School District Buys Robots and iPad Apps for Autistic Pre-K Students to Practice Receiving Verbal Feedback, Reading Facial Movements

By B.N. Frank

Research has determined that children’s use of screens as well as their exposure to Electromagnetic Fields (EMF), cell phone, and Wi-Fi radiation can contribute to autism symptoms (see 1, 2).  Nevertheless, at least one American school district has purchased educational robots to be used with iPads by its pre-K autistic students.

From Gov Tech:

Robots Help Pre-K Autistic Learners with Nonverbal Skills

Andover Public Schools in Massachusetts purchased three MOVIA robots that can pair with iPad applications and give young autistic children practice at receiving verbal feedback and facial queues.

November 23, 2021

Madeline Hughes, The Eagle-Tribune, North Andover, Mass.

(TNS) — Four-year-old Roisin Connell practiced learning her shapes and colors with the help of a new friend — a MOVIA robot designed to give her positive feedback as she learns.

Roisin and other preschoolers in the Bridge Autism Program at Shawsheen Preschool will use three new robots bought by the district to help them better learn nonverbal communication skills, such as reading facial movements.

MOVIA’s Robot-Assisted Instruction system “simplifies things with (students) and allows them to get down to learning the fundamentals of communication,” said Sara Stetson, assistant superintendent of student services.

Children with autism don’t typically focus on facial movements. However, the robots will give them positive reinforcement, both verbally and with facial queues, for various activities.

The robot is able to smile and the eyes of one robot working with Roisin widened happily as she got questions correct.

Students can work one-on-one with the robots using an iPad that has various applications, Stetson said. Their answers are captured and the programs move up with difficulty as needed, she said.

“It’s built in so it’s almost errorless learning, but will move up in difficulty,” Stetson said.

She also used one of the robots on a recent day to lead a preschool class in the game Simon Says, during which students were “really animated” and paid careful attention, Stetson said.

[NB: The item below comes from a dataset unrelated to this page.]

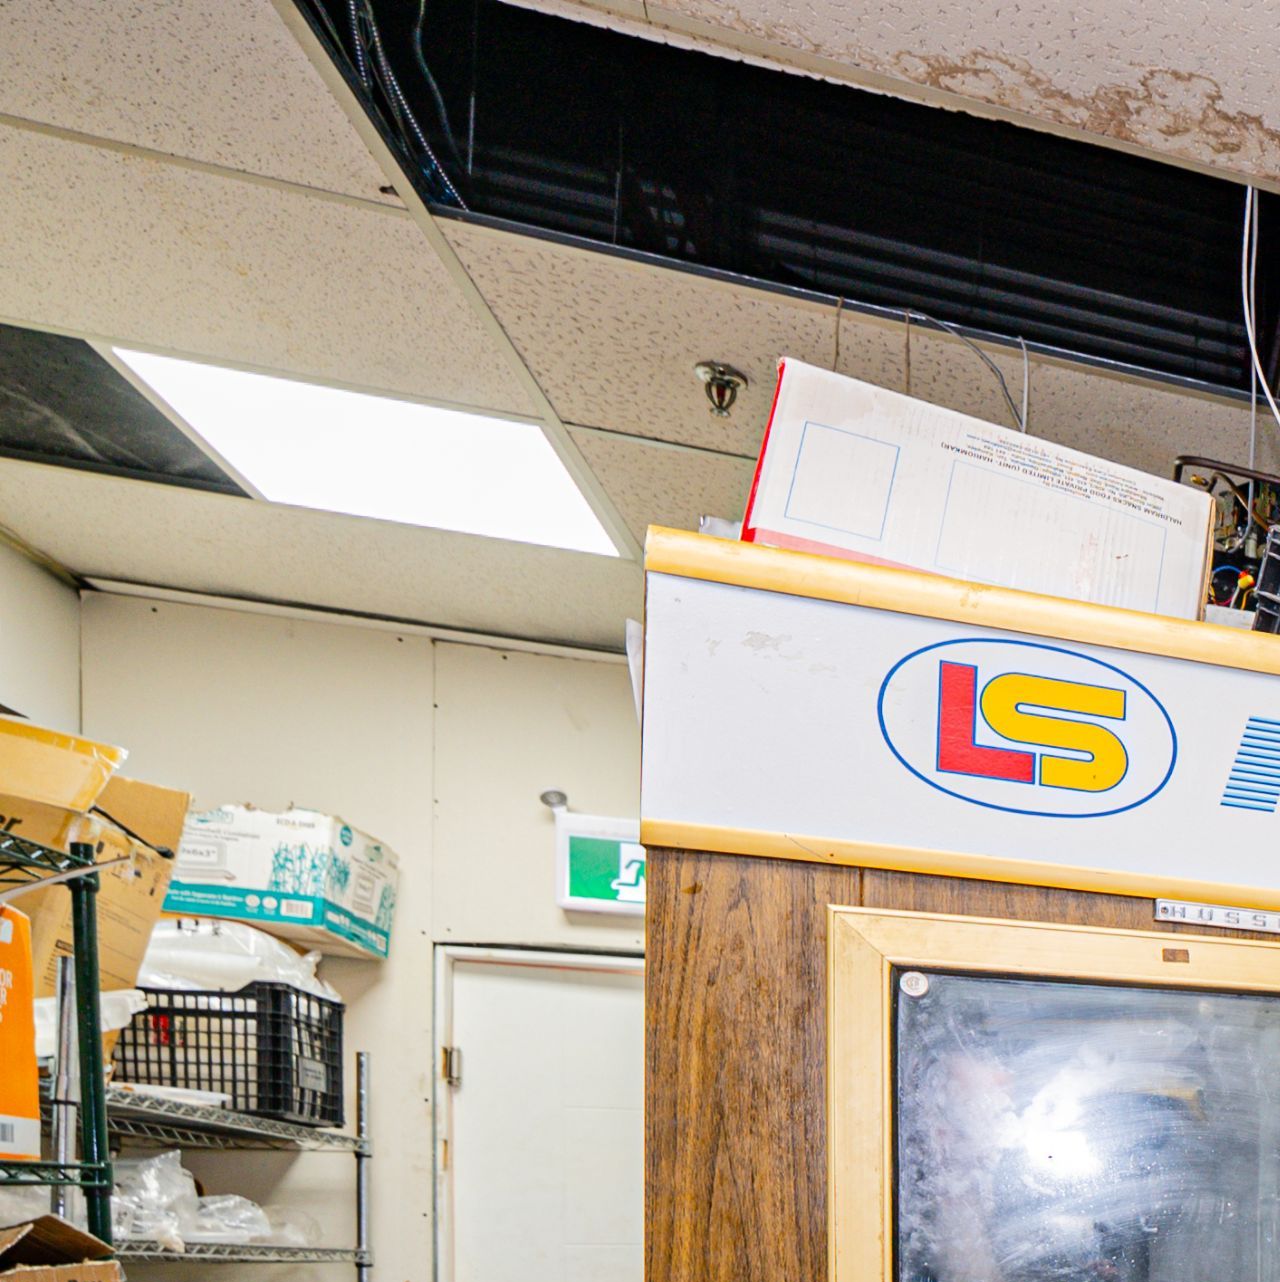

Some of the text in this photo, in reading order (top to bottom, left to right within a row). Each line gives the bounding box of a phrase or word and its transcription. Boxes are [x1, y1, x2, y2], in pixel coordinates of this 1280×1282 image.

“It’s exciting to see the children so responsive and engaged,” said Superintendent Magda Parvey, who added the district wants to continue finding innovative ways to help students learn.

The robots are “another great tool in the toolbox for these educators,” said Jean-Pierre Bolat, CEO of MOVIA Robotics.

The technology for the robots has taken about a decade in development in order to make them both effective and cost-efficient, he said. Throughout the pandemic many parents bought robots to help their children continue learning at home when a speech pathologist or other specialist had to help students through screens, he said.

The robots helped students “stay on their paths and actually do better in some circumstances,” Bolat said.

Now in classrooms these robots help students see and visualize facial expressions better when educators and their fellow students’ faces are covered by masks.

The program’s three MOVIA robots were funded by a federal grant, Stetson said. This year is the first year the school is incorporating the robots into lesson plans. School officials will see how well the robots work and potentially add more for various Bridge Autism students.

“We want to be the leaders in our program and be the best,” Stetson said. “We are always looking for the next thing that can help our students.”

©2021 The Eagle-Tribune (North Andover, Mass.). Distributed by Tribune Content Agency, LLC.

Over the years, American tech insiders (aka “Silicon Valley Parents”) have taken considerable measures to limit their own kids’ use and exposure to screens.  This has included sending them to private low-tech or no-tech schools, requiring nannies to sign “No Screens” contracts, and spying on nannies to make sure they don’t break them.  In the meantime, American public school districts have gone to significant expense to provide reportedly inferior high-tech curriculums to students (see 1, 2) with devices that may be collecting data on them.